About this exercise: Your answer must repeat all of the entries word for word, without any images.

The data:
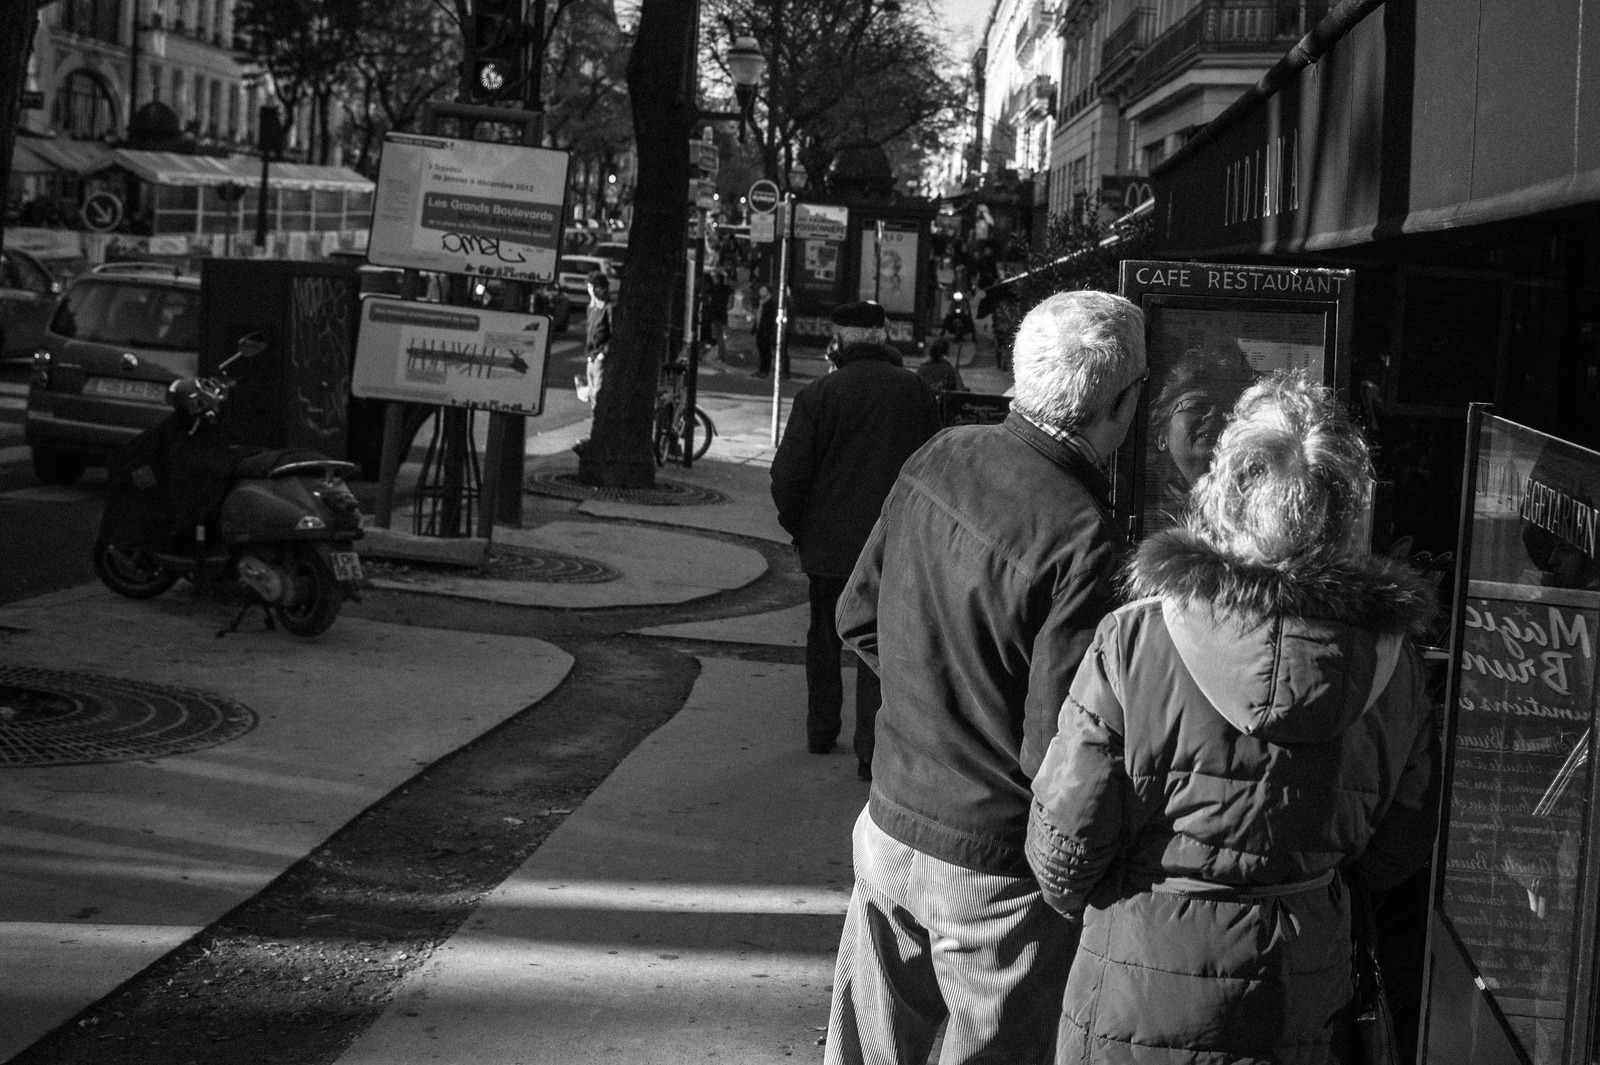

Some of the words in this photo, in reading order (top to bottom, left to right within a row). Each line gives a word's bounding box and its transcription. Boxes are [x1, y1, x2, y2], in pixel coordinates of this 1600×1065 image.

[515, 184, 535, 193] 2012
[427, 196, 448, 209] Les
[450, 198, 491, 215] Grands
[491, 204, 554, 222] Boulevards
[1135, 266, 1192, 289] CAFE
[1207, 270, 1347, 295] RESTAURANT
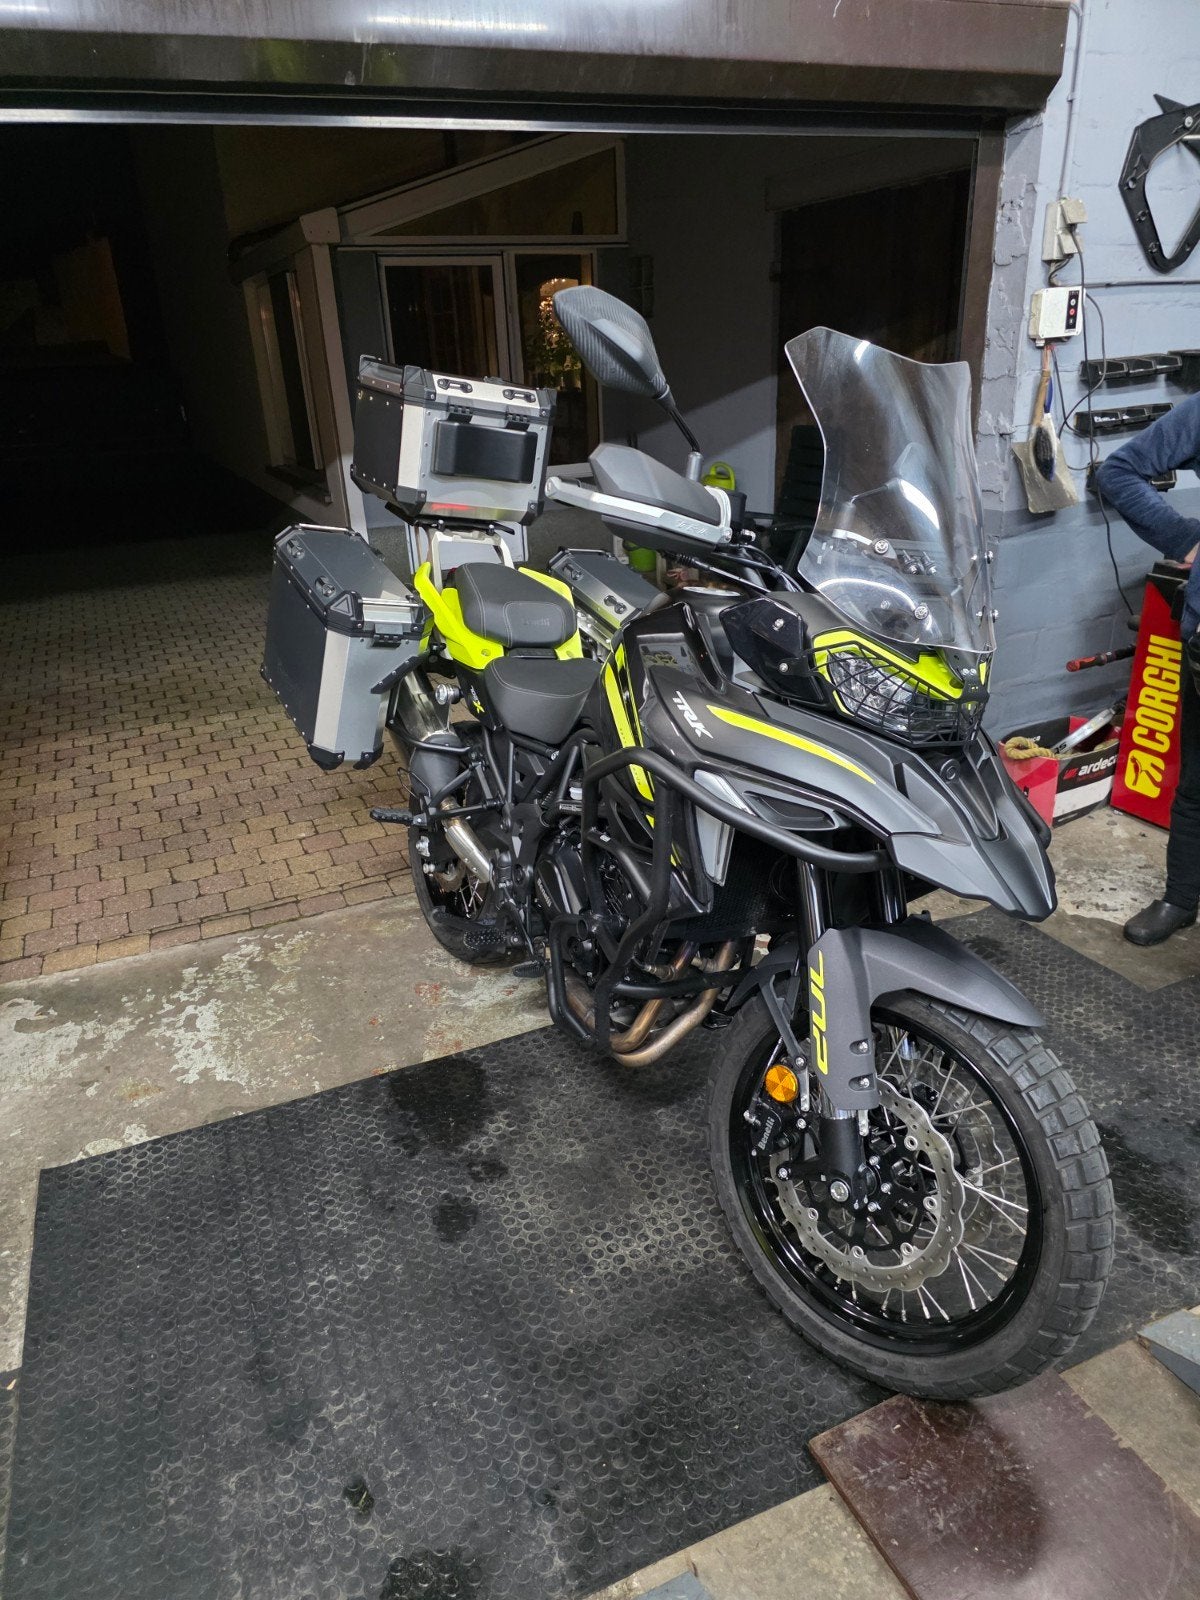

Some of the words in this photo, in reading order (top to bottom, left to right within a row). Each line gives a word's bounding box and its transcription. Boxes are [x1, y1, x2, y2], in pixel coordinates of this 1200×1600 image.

[672, 690, 714, 738] TRK
[1132, 634, 1182, 754] CORGHI
[1078, 754, 1118, 776] ardec
[758, 1116, 775, 1150] Benelli

Solution for this problem:
Some of the words in this photo, in reading order (top to bottom, left to right within a row). Each line gives a word's bounding box and its transcription. Boxes are [x1, y1, x2, y2], in pixel coordinates of this 1600×1065 image.

[515, 184, 535, 193] 2012
[427, 196, 448, 209] Les
[450, 198, 491, 215] Grands
[491, 204, 554, 222] Boulevards
[1135, 266, 1192, 289] CAFE
[1207, 270, 1347, 295] RESTAURANT

Some of the words in this photo, in reading order (top to bottom, left to right within a row). Each line gives a word's bounding box and its transcription. Boxes are [x1, y1, x2, y2], in pixel coordinates of this 1200×1600 image.

[672, 690, 714, 738] TRK
[1132, 634, 1182, 754] CORGHI
[1078, 754, 1118, 776] ardec
[758, 1116, 775, 1150] Benelli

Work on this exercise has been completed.